I'm using SQL Server 2014 Enterprise. I have received a number of different databases from a client where I need to check tables, column names, number of records between databases. I've run into collation issues when using the Except
function:
SELECT c.name "ColumnName"
FROM [DB1].sys.tables t
INNER JOIN [DB1].sys.all_columns c ON t.object_id = c.object_id
INNER JOIN [DB1].sys.types ty ON c.system_type_id = ty.system_type_id
WHERE t.name = 'test'
EXCEPT
SELECT c.name
FROM [DB2].sys.tables t
INNER JOIN [DB2].sys.all_columns c ON t.object_id = c.object_id
INNER JOIN [DB2].sys.types ty ON c.system_type_id = ty.system_type_id
WHERE t.name = 'test2'
This generates the error:
Cannot resolve the collation conflict between "SQL_Latin1_General_CP1_CI_AI" and "SQL_Latin1_General_CP1_CI_AS" in the EXCEPT operation.
FYI: DB1
is "SQL_Latin1_General_CP1_CI_AI", DB2
is "SQL_Latin1_General_CP1_CI_AS"
Is this something that can be resolved via the COLLATE function in a query such as mine? If so, how?

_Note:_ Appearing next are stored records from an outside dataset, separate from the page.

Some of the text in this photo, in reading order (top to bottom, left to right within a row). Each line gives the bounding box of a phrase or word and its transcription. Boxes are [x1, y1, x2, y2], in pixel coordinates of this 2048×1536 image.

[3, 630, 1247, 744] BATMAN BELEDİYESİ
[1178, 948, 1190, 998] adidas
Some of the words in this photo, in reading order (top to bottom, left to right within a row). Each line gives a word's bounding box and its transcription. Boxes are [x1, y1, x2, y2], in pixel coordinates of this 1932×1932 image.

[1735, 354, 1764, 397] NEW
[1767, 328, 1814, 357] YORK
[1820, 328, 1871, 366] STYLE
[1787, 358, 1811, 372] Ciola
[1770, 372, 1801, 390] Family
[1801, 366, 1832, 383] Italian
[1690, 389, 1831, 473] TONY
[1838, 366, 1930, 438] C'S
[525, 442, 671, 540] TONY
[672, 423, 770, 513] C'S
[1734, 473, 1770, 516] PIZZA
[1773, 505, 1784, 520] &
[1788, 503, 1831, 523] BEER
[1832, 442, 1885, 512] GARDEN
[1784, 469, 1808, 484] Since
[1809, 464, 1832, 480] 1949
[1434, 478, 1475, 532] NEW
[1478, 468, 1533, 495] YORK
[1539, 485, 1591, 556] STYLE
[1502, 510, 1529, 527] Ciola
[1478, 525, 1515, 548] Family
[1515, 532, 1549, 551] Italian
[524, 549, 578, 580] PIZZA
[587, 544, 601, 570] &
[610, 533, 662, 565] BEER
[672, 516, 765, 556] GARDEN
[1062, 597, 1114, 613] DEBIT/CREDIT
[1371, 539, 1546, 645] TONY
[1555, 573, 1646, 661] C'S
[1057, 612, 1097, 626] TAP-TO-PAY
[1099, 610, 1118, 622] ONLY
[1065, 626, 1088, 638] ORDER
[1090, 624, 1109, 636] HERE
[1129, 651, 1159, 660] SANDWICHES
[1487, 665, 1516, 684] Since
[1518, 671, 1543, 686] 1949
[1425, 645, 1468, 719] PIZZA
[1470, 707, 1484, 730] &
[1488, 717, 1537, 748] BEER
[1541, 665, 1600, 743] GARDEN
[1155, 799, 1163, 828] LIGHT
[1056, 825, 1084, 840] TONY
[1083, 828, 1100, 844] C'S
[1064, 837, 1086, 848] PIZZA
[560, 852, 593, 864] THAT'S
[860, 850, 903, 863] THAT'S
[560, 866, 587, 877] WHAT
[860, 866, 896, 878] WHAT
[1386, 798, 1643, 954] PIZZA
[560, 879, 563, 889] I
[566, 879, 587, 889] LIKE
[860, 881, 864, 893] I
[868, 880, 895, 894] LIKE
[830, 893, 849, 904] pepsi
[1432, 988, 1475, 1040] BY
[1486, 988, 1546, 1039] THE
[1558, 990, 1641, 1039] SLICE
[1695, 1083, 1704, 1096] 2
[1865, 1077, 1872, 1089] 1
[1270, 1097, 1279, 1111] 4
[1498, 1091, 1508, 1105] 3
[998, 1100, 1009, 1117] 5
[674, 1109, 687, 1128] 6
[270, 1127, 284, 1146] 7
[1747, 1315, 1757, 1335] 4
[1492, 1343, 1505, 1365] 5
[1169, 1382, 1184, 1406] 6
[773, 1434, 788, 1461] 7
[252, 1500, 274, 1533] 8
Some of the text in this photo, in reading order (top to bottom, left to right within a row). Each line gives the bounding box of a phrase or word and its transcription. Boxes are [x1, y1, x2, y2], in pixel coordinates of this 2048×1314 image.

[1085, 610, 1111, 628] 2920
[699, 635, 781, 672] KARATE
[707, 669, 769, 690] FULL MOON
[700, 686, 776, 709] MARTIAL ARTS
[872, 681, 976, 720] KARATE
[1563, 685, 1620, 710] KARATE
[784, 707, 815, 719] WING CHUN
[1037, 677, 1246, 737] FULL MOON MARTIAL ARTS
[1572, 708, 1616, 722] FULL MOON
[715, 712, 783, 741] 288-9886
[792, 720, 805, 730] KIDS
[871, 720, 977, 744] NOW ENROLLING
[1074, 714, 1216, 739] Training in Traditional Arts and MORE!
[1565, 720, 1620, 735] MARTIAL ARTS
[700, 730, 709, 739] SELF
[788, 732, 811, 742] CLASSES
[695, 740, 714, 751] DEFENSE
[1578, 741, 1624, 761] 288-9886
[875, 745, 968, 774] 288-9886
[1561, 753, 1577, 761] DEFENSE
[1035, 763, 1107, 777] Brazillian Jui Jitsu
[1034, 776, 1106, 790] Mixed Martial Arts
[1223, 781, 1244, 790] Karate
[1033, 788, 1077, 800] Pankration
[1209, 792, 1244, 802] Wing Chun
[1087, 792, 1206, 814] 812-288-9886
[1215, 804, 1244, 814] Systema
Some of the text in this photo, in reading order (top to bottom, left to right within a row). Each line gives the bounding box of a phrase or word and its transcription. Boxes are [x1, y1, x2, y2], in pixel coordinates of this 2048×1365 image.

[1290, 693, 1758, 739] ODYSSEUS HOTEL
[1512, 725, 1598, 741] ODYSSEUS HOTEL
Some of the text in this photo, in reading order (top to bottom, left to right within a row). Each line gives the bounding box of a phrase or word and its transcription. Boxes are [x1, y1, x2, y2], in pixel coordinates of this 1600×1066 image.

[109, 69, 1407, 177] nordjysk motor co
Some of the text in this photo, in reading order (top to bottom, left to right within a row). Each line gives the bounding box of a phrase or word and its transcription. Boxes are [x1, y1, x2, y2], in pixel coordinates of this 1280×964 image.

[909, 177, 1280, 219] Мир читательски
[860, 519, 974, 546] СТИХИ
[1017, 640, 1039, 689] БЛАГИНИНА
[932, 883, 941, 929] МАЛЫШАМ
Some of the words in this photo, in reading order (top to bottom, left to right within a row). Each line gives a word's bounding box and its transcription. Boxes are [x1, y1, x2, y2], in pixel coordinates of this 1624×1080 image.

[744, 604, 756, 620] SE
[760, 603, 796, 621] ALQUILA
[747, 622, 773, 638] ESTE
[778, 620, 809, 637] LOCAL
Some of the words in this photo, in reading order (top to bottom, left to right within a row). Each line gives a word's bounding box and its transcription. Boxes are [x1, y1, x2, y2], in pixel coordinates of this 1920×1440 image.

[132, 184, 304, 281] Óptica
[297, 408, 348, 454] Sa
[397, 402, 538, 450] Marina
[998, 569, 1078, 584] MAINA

Also, what about the following that I found online:
USE master;
GO
ALTER DATABASE [DB2]
COLLATE SQL_Latin1_General_CP1_CI_AI ;
GO
I'll have to get our IT involved as I don't have permissions to do this.
Since you have values with different collations you should bring them to the same collation for comparison. One way to do it would be like this (decide which collation to use and use the same collation in both parts of EXCEPT
):
SELECT c.name COLLATE SQL_Latin1_General_CP1_CI_AS AS ColumnName
FROM
[DB1].sys.tables t
INNER JOIN [DB1].sys.all_columns c ON t.object_id = c.object_id
INNER JOIN [DB1].sys.types ty ON c.system_type_id = ty.system_type_id
WHERE t.name = 'test'
EXCEPT
SELECT c.name COLLATE SQL_Latin1_General_CP1_CI_AS
FROM
[DB2].sys.tables t
INNER JOIN [DB2].sys.all_columns c ON t.object_id = c.object_id
INNER JOIN [DB2].sys.types ty ON c.system_type_id = ty.system_type_id
WHERE t.name = 'test2'
Changing the collation of the whole database (ALTER DATABASE [DB2] COLLATE SQL_Latin1_General_CP1_CI_AI;
) would not help, because ALTER DATABASE
doesn't change collation of existing columns, it would affect only default collation of new columns.